Startlingly Beautiful and Conceptually Terrifying
 
 
Undisturbed Circles, Bethany W. Pope (67pp, £10.00, Lapwing)
 

Bethany W. Pope's new collection contains six sonnet sequences, all of which are built around double-acrostics. The shortest, 'Three-Legged Crow', consists of three sonnets augmented by 5x5s (a form of Pope's own creation which can best be thought of as expanded haiku, with five lines of five syllables). 'Fox Cycle', 'The Metamorphosis of Physis' and 'The Tower' are traditional sonnet crowns, while 'Double Helix' pulls the tricky stunt of swopping the continuity of the acrostic from side to side. The book's centerpiece, 'The Labyrinth' is an heroic sonnet crown (i.e. fifteen sonnets, the last of which takes each of its lines from the first lines of the fourteen sonnets preceding it) which is again built around a double acrostic; each sonnet is prefaced by a short prose-poem and followed by a 5x5.
 
If all of this sounds like literary showboating or the application of technique for its own sake, fear not. Pope's craftsmanship, impressive as it may be, is always subordinate to visceral content and emotional fearlessness.
 
'Three-Legged Crow' is good place to begin, for its playfulness as well as its brevity. 'Crow is a God. Crow is not a God' reads the poem's subtitle, and the first sonnet reveals the crow as a trickster. The ostensible story Pope tells has the crow making creative use of a stolen piece of plastic and the launch pad of a sloping roof:
 
                                                               That
    Tin roof (rain slicked) becomes a slide for him.

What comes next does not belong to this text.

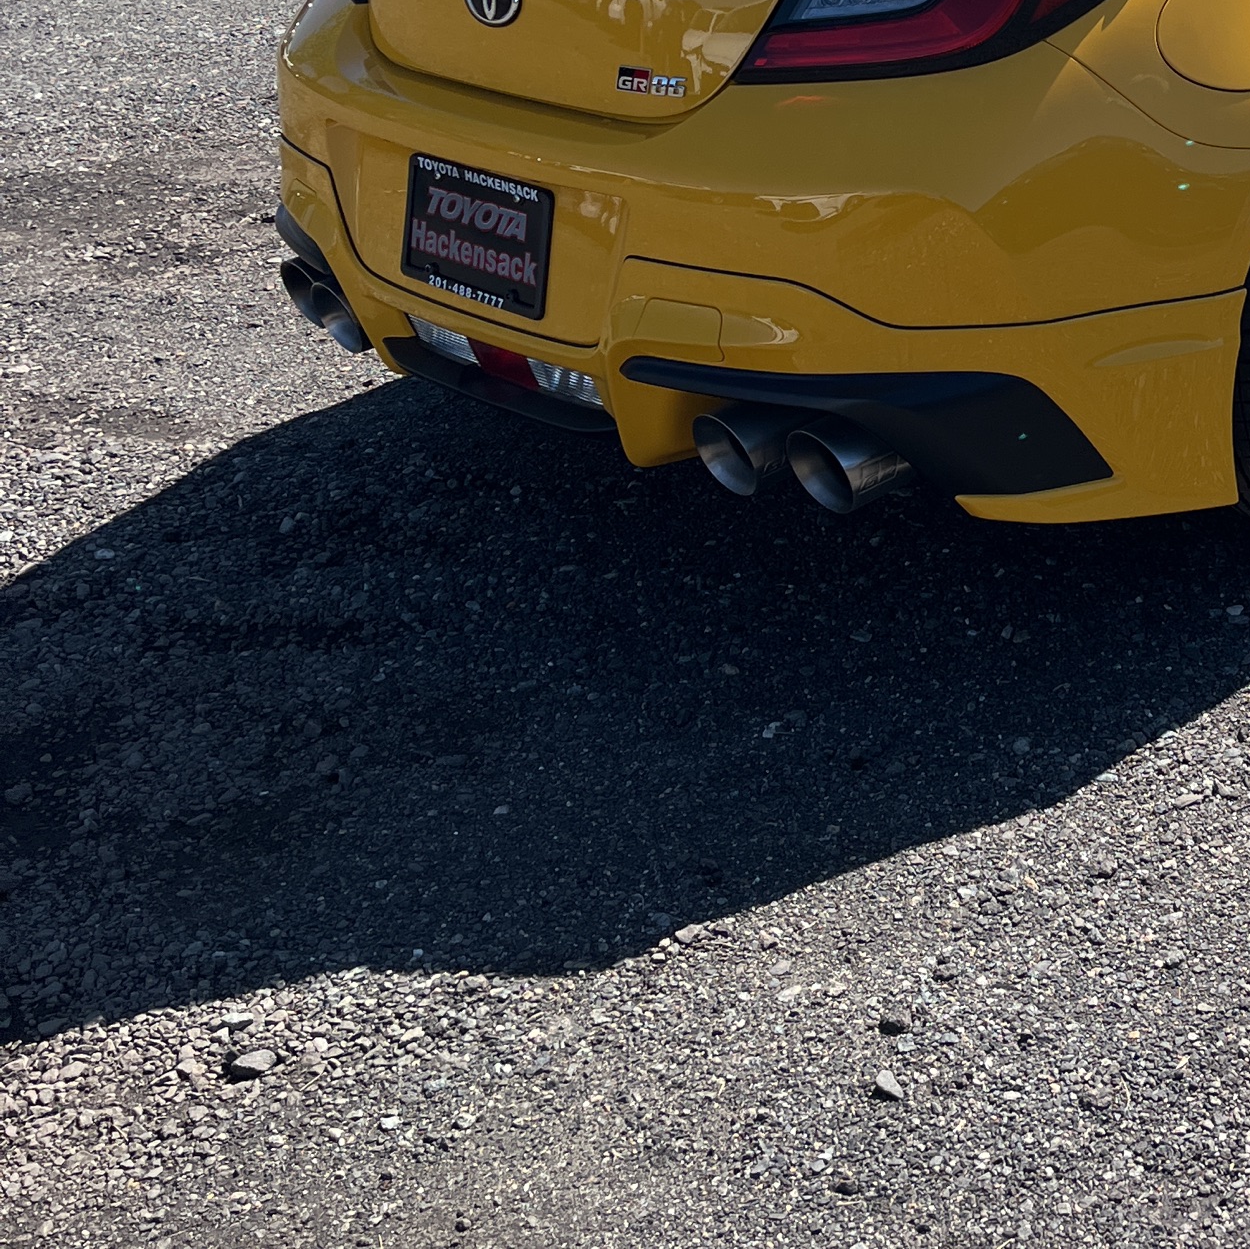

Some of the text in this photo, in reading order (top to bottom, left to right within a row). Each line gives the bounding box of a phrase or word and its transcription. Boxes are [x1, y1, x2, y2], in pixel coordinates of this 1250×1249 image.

[417, 156, 539, 202] TOYOTA HACKENSACK
[426, 186, 528, 243] TOYOTA
[410, 217, 539, 287] Hackensack
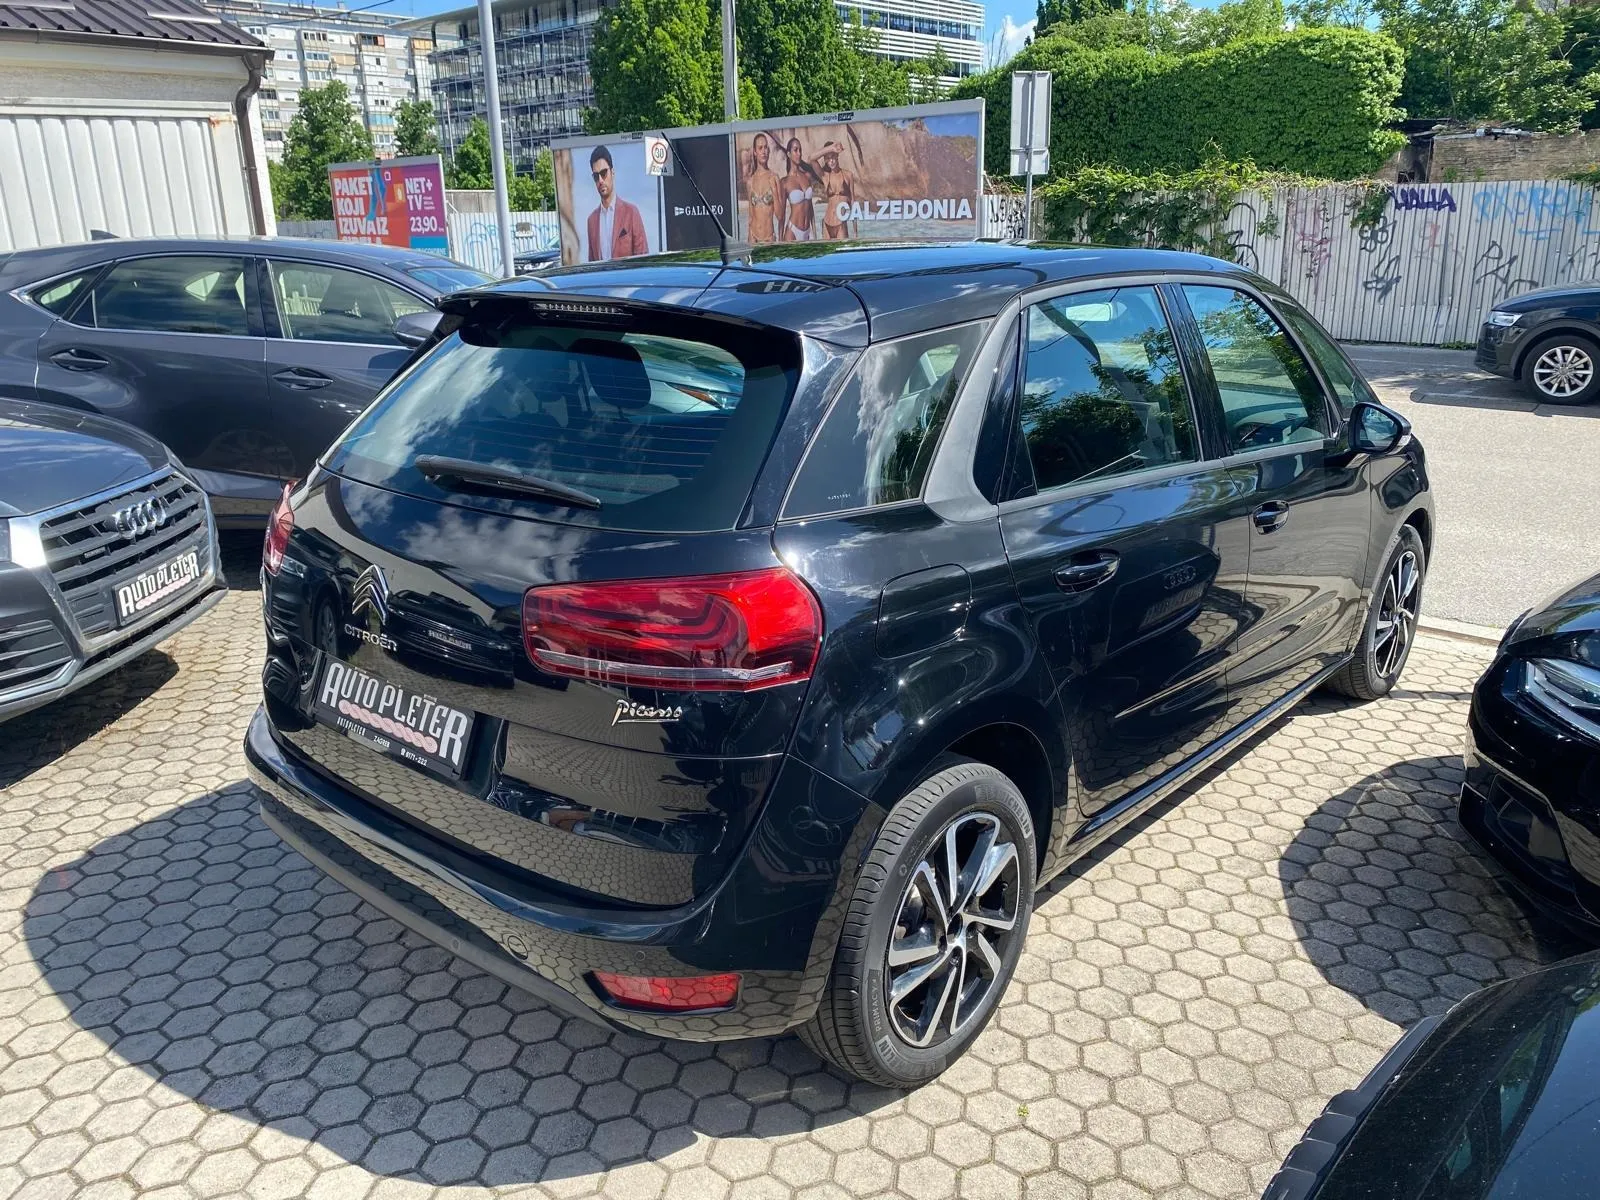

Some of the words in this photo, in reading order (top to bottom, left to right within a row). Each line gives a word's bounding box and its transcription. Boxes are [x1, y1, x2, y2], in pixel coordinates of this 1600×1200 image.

    Over and over he sits snug in the
    Tiny sled, launching himself off with a
    Harsh, happy croak at this new kind of flight.
 
Bu–uelesque imagery: strange yet somehow gleeful. Then you work out the acrostic and read the 5x5 and the context changes; a dark undercurrent emerges. The next two sections reimagine the crow as, respectively, a hero and 'a small, impetuous God', but again meanings yielded up by the sonnets' construction challenge and subvert the surface reading. The overall effect is as if Ted Hughes' Crow had got himself a punk haircut and started playing about with the puzzle box from Clive Barker's Hellraiser
. Yes, I know how demented that comparison sounds. But Pope's poetry has that effect: it provokes the reader's imagination into letting go of the guy rope and freefalling through a skyscape of altered perceptions.
 
Once you've taken a short trip (in both senses of the word) with the crow, don your stoutest walking boots and lose yourself in 'The Labyrinth'. Exploring memory, psychology, persecution, religion, guilt, redemption and eventual self-knowledge across 285 lines of poetry, Pope merges form, content, imagery and mythology to achieve moments of dream-logic juxtaposition that are often startlingly beautiful and conceptually terrifying at one and the same time. The opening sonnet, on the narrator's birth and formative years, is a particularly gutsy example and is worth quoting in full:
 
    I was born in North Carolina, the
    Wastelands laden with live-oak. Dens of fox
    And wolf littered the loam. My blood can't stop
    Speaking the language of this wild. A girl
    Birthed in this soil carries it for life. No
    Ordinary span will follow, for her.
    Remember the foul house next door where the
    Necrotic lady was found, babies from
    Maternity wards clutched in her arms. They
    Arrived home with her in pickle jars. Small,
    Dear creatures she named and kept for years. I
    Expect juice from those jars, the hellish bog
    They languished in, seeped through me with each breath.
    Open the door. Take the turn to the right.
 
The 'turn', of course, also refers to that traditional to the sonnet form. Here, it wrenches the focus suddenly and brutally from rural nostalgia and empathy with the natural world to horror-movie imagery. The reader is still reeling from the pay-off as Pope shoves them through the first door. Again, perceptions have altered. Something real and unspeakably horrible is being grappled with in the heightened reality of the poet's imagination. It's like Alice through the looking glass as if Alejandro Jodorowsky had hijacked the narrative.
 
The spattering of movie references in this review are not accidental, by the way. Pope's writing has an intensely visual quality. Her use of imagery is strong Ð often unflinchingly so. Her ability to drill down into the depths of the id and face full-on what she dredges up speaks of an inner strength as well as a creative one. Undisturbed Circles
builds on the stylistic and psychological achievements of her previous collection Crown of Thorns (Oneiros Books, 2013) whilst striking out ever more confidently in her use of form. What for other writers would be mere gimmickry is integral in this outstanding collection to an overarching aesthetic. So many poets falter under the strictures of form; Pope soars.